Your answer must be the data repeated exactly, with no pictures in it.

*** Material for the task Section Begins ***

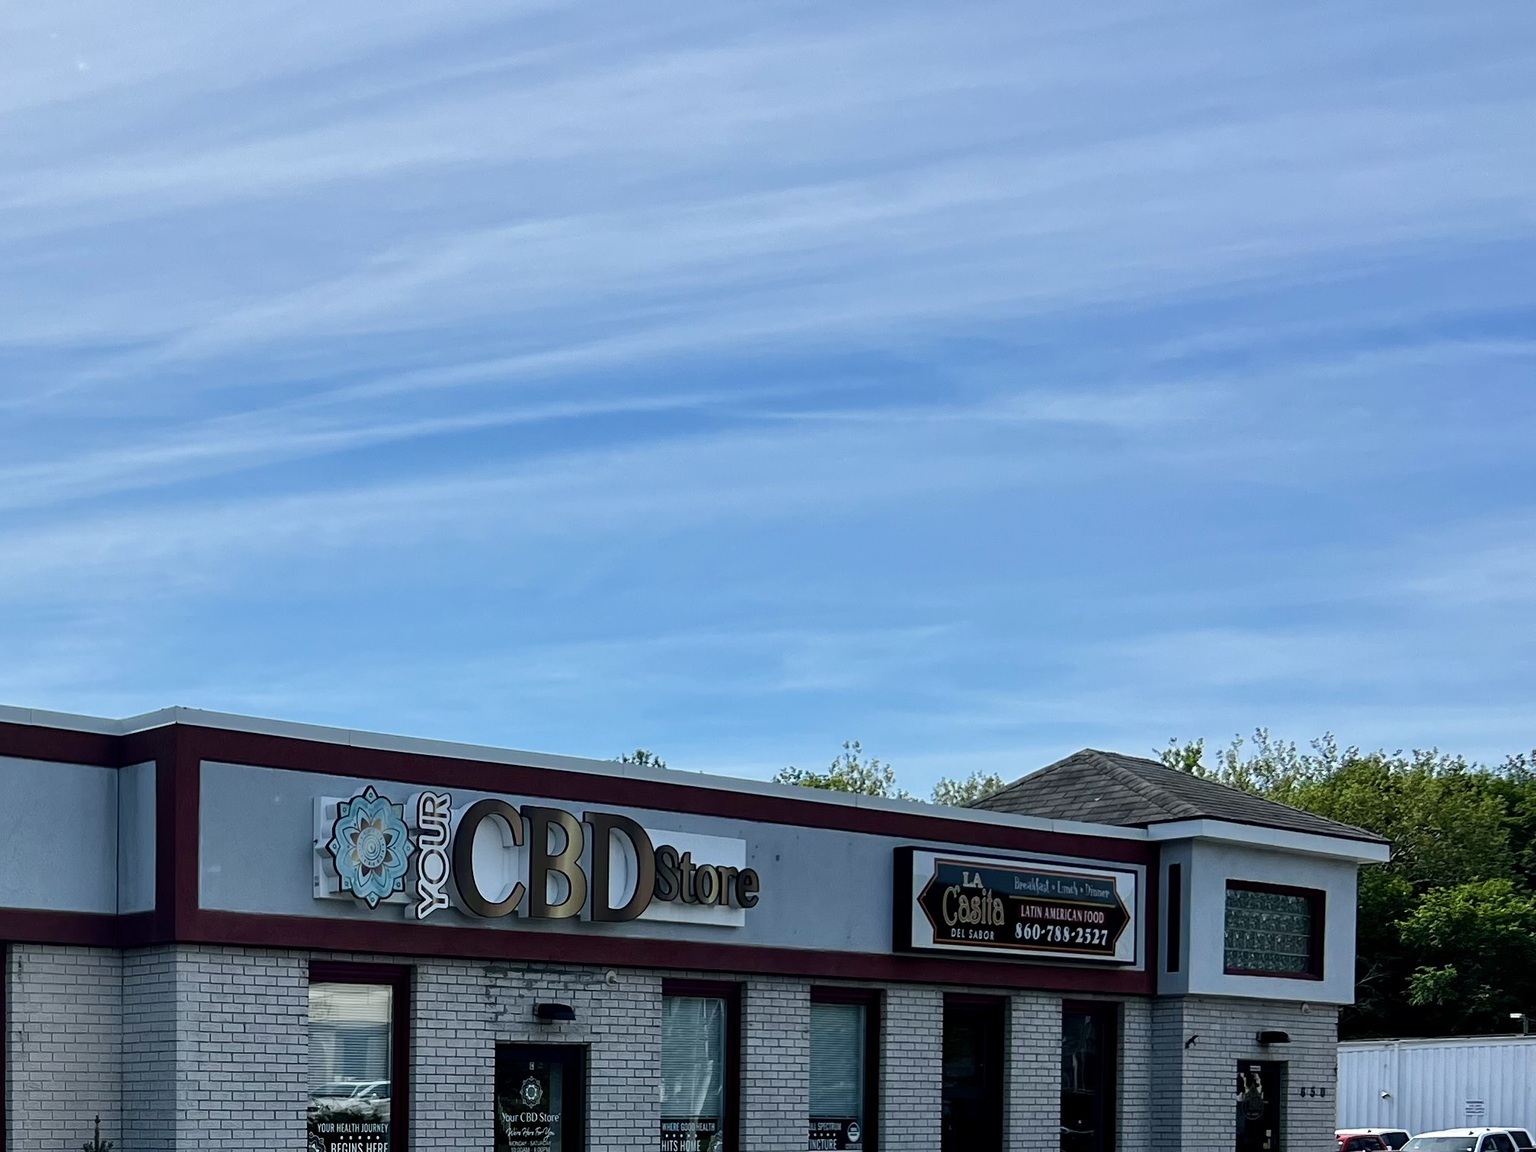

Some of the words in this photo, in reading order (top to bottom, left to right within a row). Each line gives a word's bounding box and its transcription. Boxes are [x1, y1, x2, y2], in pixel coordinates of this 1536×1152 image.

[415, 791, 452, 920] YOUR
[452, 797, 656, 922] CBD
[653, 844, 760, 908] Store
[962, 871, 984, 888] LA
[1014, 876, 1050, 895] Breakfast
[1057, 881, 1078, 896] Lunch
[1085, 883, 1110, 898] Dinner
[942, 885, 1005, 926] Casita
[1020, 905, 1043, 919] LATIN
[1044, 906, 1083, 922] AMERICAN
[1084, 910, 1105, 924] FOOD
[951, 928, 965, 938] DEL
[968, 929, 995, 940] SABOR
[1014, 922, 1109, 946] 860-788-2527
[501, 1112, 519, 1122] Your
[520, 1112, 538, 1122] CBD
[317, 1123, 335, 1133] YOUR
[336, 1123, 360, 1133] HEALTH
[361, 1123, 389, 1133] JOURNEY
[662, 1140, 678, 1151] HITS
[680, 1140, 701, 1151] HOME
[809, 1139, 837, 1150] INCTURE

*** Material for the task Section Ends ***

* [Result below]:
Some of the words in this photo, in reading order (top to bottom, left to right within a row). Each line gives a word's bounding box and its transcription. Boxes are [x1, y1, x2, y2], in pixel coordinates of this 1536×1152 image.

[415, 791, 452, 920] YOUR
[452, 797, 656, 922] CBD
[653, 844, 760, 908] Store
[962, 871, 984, 888] LA
[1014, 876, 1050, 895] Breakfast
[1057, 881, 1078, 896] Lunch
[1085, 883, 1110, 898] Dinner
[942, 885, 1005, 926] Casita
[1020, 905, 1043, 919] LATIN
[1044, 906, 1083, 922] AMERICAN
[1084, 910, 1105, 924] FOOD
[951, 928, 965, 938] DEL
[968, 929, 995, 940] SABOR
[1014, 922, 1109, 946] 860-788-2527
[501, 1112, 519, 1122] Your
[520, 1112, 538, 1122] CBD
[317, 1123, 335, 1133] YOUR
[336, 1123, 360, 1133] HEALTH
[361, 1123, 389, 1133] JOURNEY
[662, 1140, 678, 1151] HITS
[680, 1140, 701, 1151] HOME
[809, 1139, 837, 1150] INCTURE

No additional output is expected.